**Stored data entries:**
[Start of Attachment]
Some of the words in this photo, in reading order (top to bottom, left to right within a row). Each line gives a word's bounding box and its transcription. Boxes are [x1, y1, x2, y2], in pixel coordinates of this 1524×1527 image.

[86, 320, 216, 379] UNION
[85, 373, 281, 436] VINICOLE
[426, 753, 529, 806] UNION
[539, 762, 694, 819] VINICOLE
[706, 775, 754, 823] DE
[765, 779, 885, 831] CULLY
[End of Attachment]
Each entry above is to be quoted exactly.

**Task result:**
Some of the words in this photo, in reading order (top to bottom, left to right within a row). Each line gives a word's bounding box and its transcription. Boxes are [x1, y1, x2, y2], in pixel coordinates of this 1524×1527 image.

[86, 320, 216, 379] UNION
[85, 373, 281, 436] VINICOLE
[426, 753, 529, 806] UNION
[539, 762, 694, 819] VINICOLE
[706, 775, 754, 823] DE
[765, 779, 885, 831] CULLY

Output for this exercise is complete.